La haute cour militaire de la République démocratique du Congo a condamné, mardi à Kinshasa, l’ancien président Joseph Kabila (2001-2019) à la peine de mort. Il a été reconnu coupable de crimes de guerre et de trahison pour sa complicité présumée avec la rébellion de l’AFC/M23.
Le verdict, prononcé après près de trois mois de procès, retient plusieurs infractions : viol, meurtre, complot, propagande de crimes de guerre, organisation d’un mouvement insurrectionnel et participation criminelle avec l’AFC/M23.
En plus de la peine capitale, Joseph Kabila devra verser 29 milliards de dollars de dommages et intérêts à l’État congolais, ainsi que 2 milliards aux provinces du Nord-Kivu et du Sud-Kivu, parties civiles dans l’affaire. La cour a toutefois écarté la confiscation de ses biens.
L’ancien président n’a pas comparu au procès et n’a pas mandaté d’avocat. Son parti a dénoncé une procédure politique, qualifiée de « procès bidon ».

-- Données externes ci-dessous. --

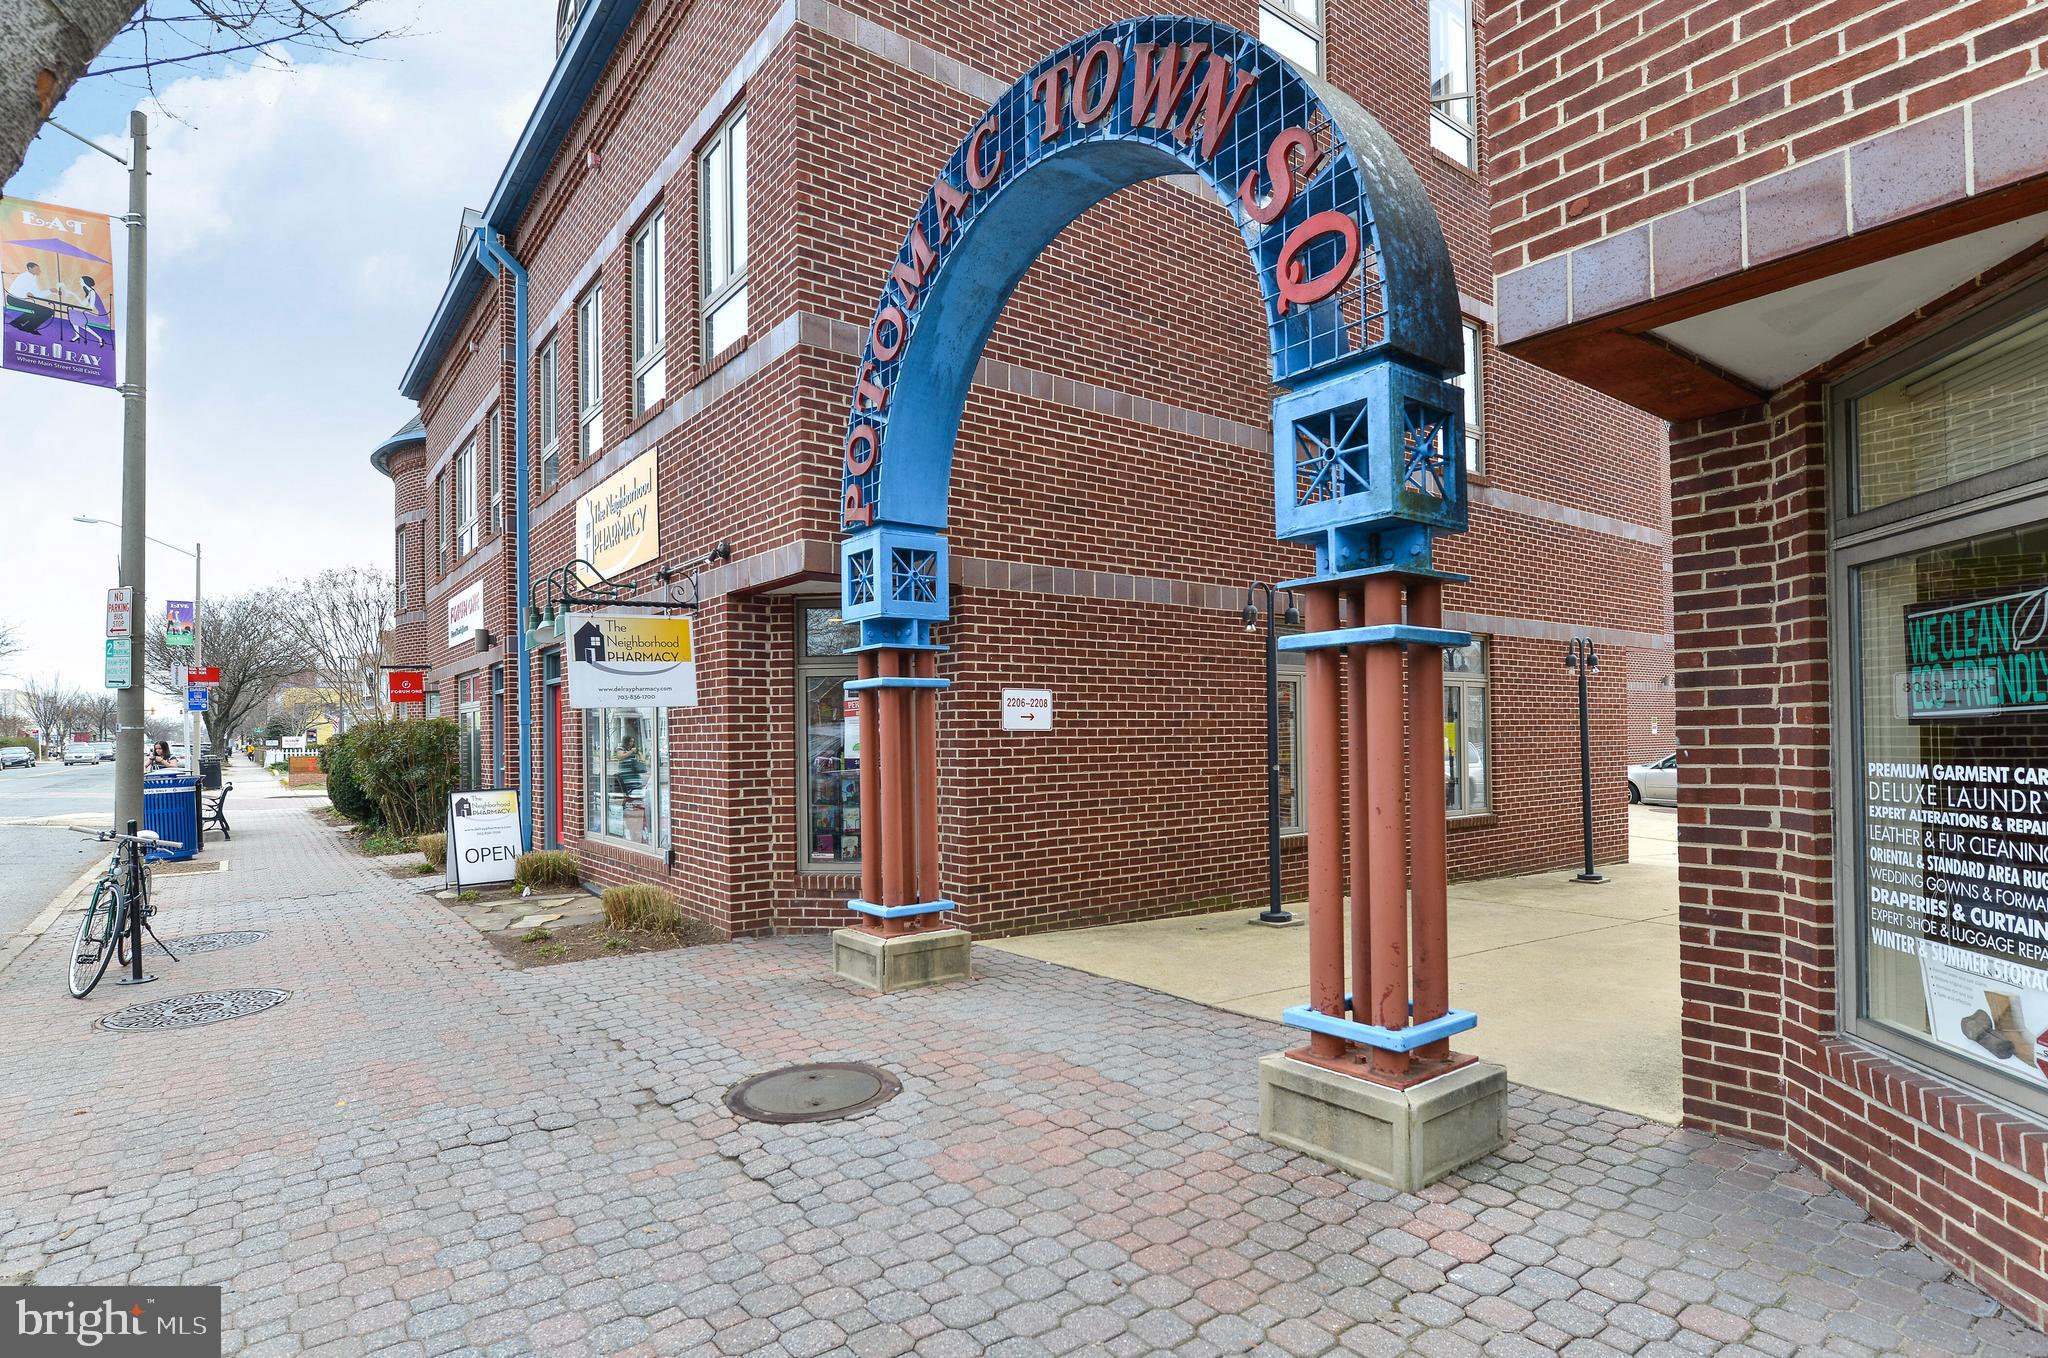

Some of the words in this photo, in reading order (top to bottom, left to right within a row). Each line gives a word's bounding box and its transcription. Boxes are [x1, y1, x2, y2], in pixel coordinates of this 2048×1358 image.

[21, 210, 87, 236] EAT
[845, 115, 1005, 527] POTOMAC
[1032, 40, 1258, 161] TOWN
[1238, 126, 1360, 315] SQ
[15, 341, 50, 359] DEL
[65, 350, 102, 366] RAY
[16, 356, 37, 364] Where
[37, 359, 53, 367] Main
[54, 363, 71, 372] Street
[594, 501, 606, 524] The
[605, 467, 652, 517] Neighborhood
[594, 504, 647, 555] PHARMACY
[108, 603, 130, 613] PARKING
[114, 592, 124, 602] NO
[112, 620, 125, 628] STOP
[605, 619, 627, 632] The
[1908, 617, 1939, 664] WE
[1940, 602, 2010, 660] CLEAN
[107, 642, 113, 655] 2
[606, 635, 679, 650] Neighborhood
[607, 652, 679, 662] PHARMACY
[598, 685, 672, 693] www.delraypharmacy.com
[1911, 663, 1946, 710] ECO
[847, 701, 860, 709] PER
[1007, 697, 1048, 708] 2206-2208
[1868, 762, 1929, 779] PREMIUM
[1932, 764, 2010, 784] GARMENT
[472, 800, 511, 810] Neighborhood
[1869, 781, 1937, 806] DELUXE
[472, 808, 511, 816] PHARMACY
[1869, 805, 1906, 820] EXPERT
[1909, 808, 1989, 830] ALTERATIONS
[1991, 816, 2004, 831] &
[2006, 818, 2048, 836] REPAI
[1870, 824, 1921, 846] LEATHER
[1924, 830, 1936, 849] &
[1939, 832, 1966, 853] FUR
[465, 845, 516, 864] OPEN
[1870, 846, 1914, 868] ORIENTAL
[1916, 854, 1925, 870] &
[1927, 855, 1985, 879] STANDARD
[1987, 864, 2021, 886] AREA
[1870, 866, 1924, 888] WEDDING
[1926, 877, 1979, 900] GOWNS
[1982, 886, 1993, 903] &
[1871, 886, 1948, 918] DRAPERIES
[1952, 903, 1967, 923] &
[1970, 907, 2048, 941] CURTAIN
[1871, 907, 1904, 927] EXPERT
[1906, 915, 1938, 935] SHOE
[1940, 923, 1950, 938] &
[1951, 925, 2015, 955] LUGGAGE
[1871, 926, 1915, 955] WINTER
[1918, 940, 1928, 959] &
[1931, 942, 1993, 977] SUMMER
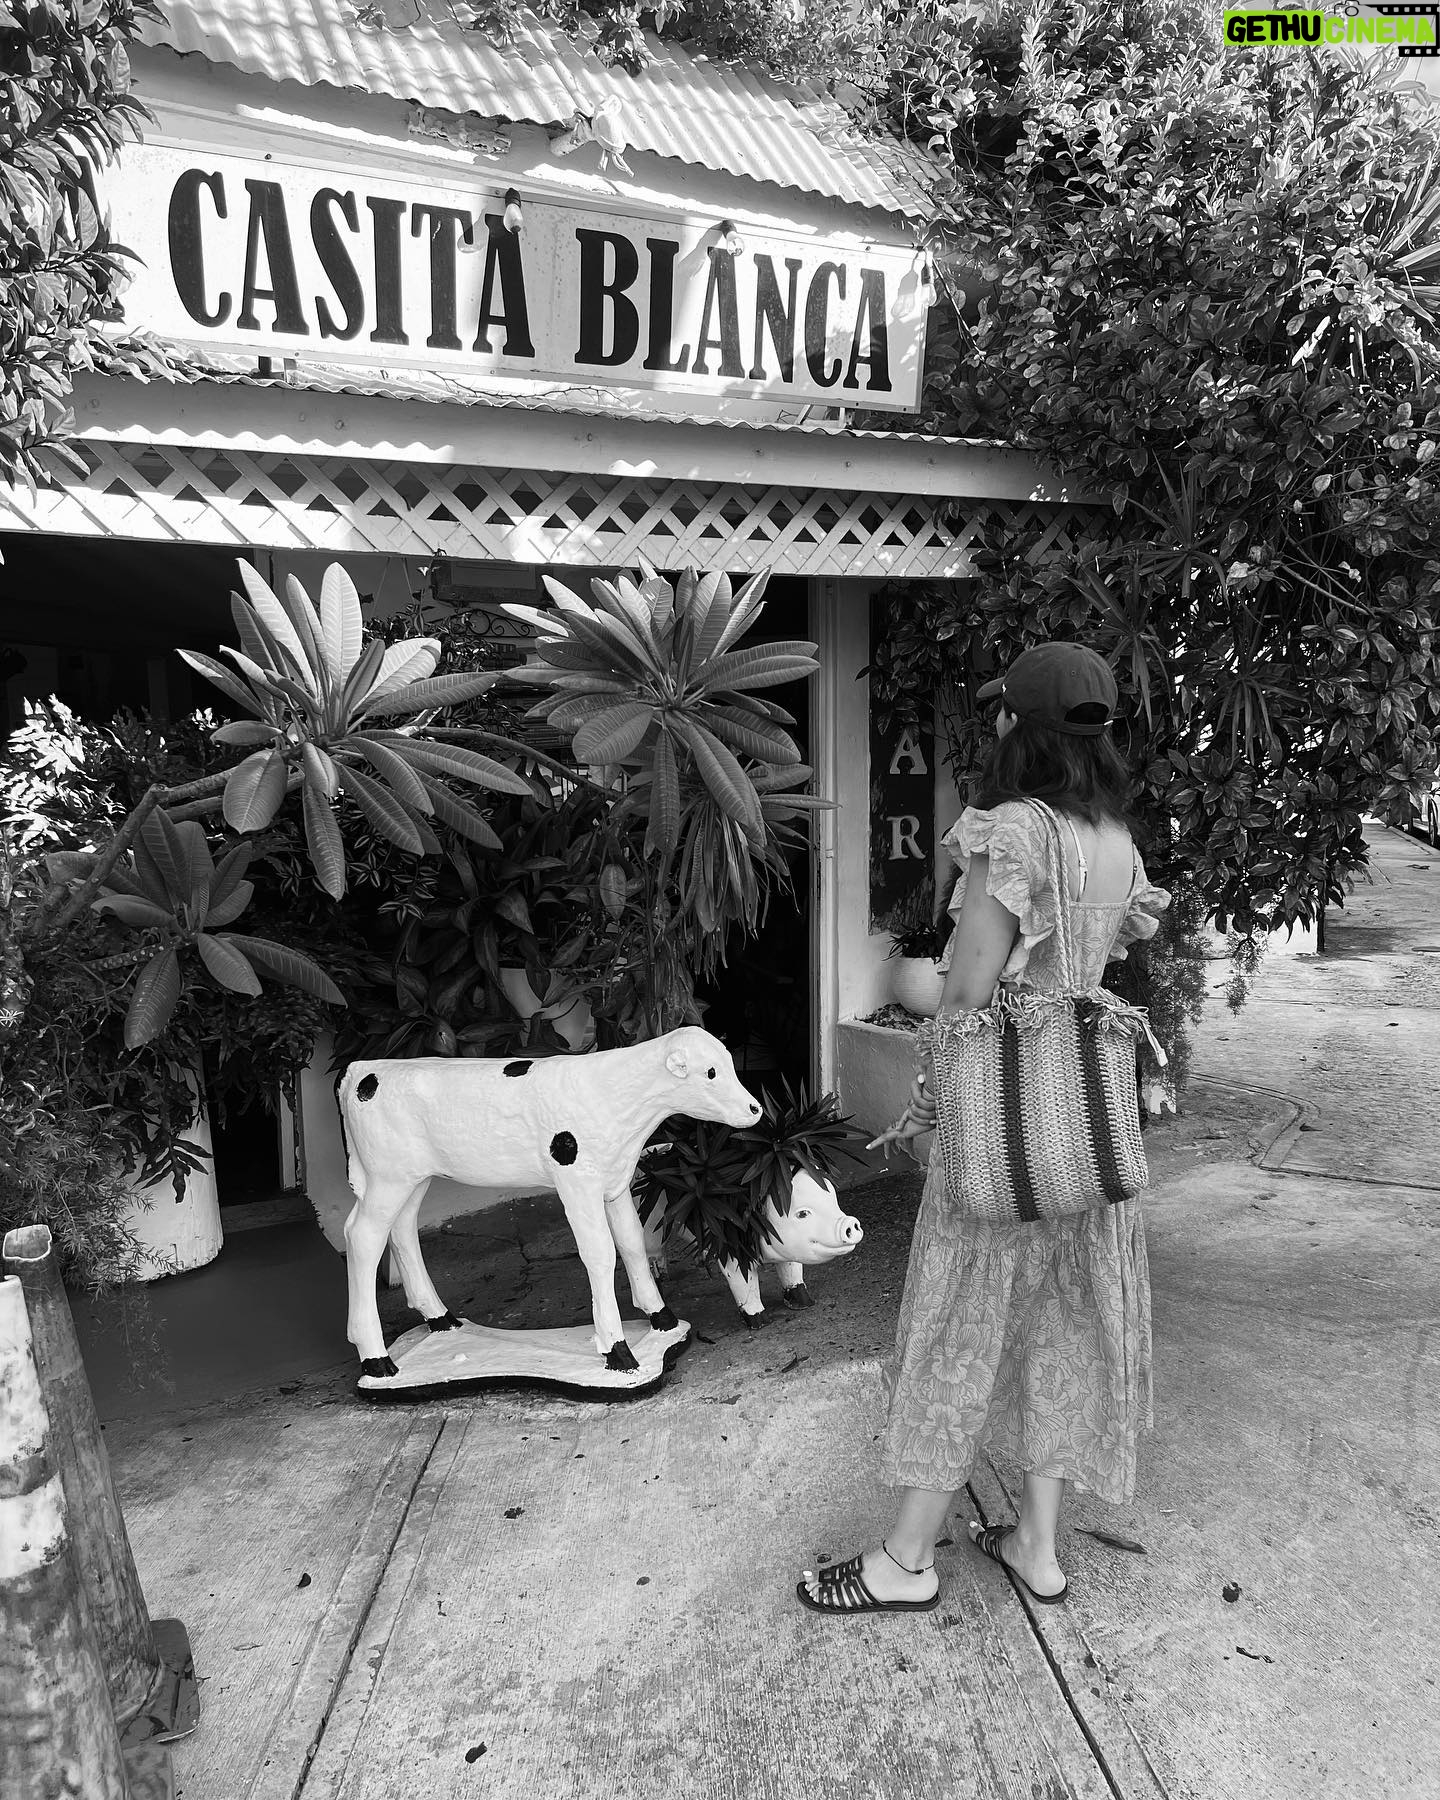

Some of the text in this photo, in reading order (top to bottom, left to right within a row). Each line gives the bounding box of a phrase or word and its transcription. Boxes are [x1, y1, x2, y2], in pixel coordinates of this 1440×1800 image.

[168, 168, 535, 358] CASITA
[575, 228, 893, 392] BLANCA
[886, 728, 929, 861] AR

Cette décision survient alors que le M23, accusé par Kinshasa d’être soutenu par le Rwanda, contrôle plusieurs zones stratégiques dans l’Est du pays. Les juges estiment que M. Kabila aurait entretenu des liens directs avec ce mouvement rebelle.
C’est la première fois dans l’histoire du pays qu’un ancien chef de l’État est condamné à une telle peine.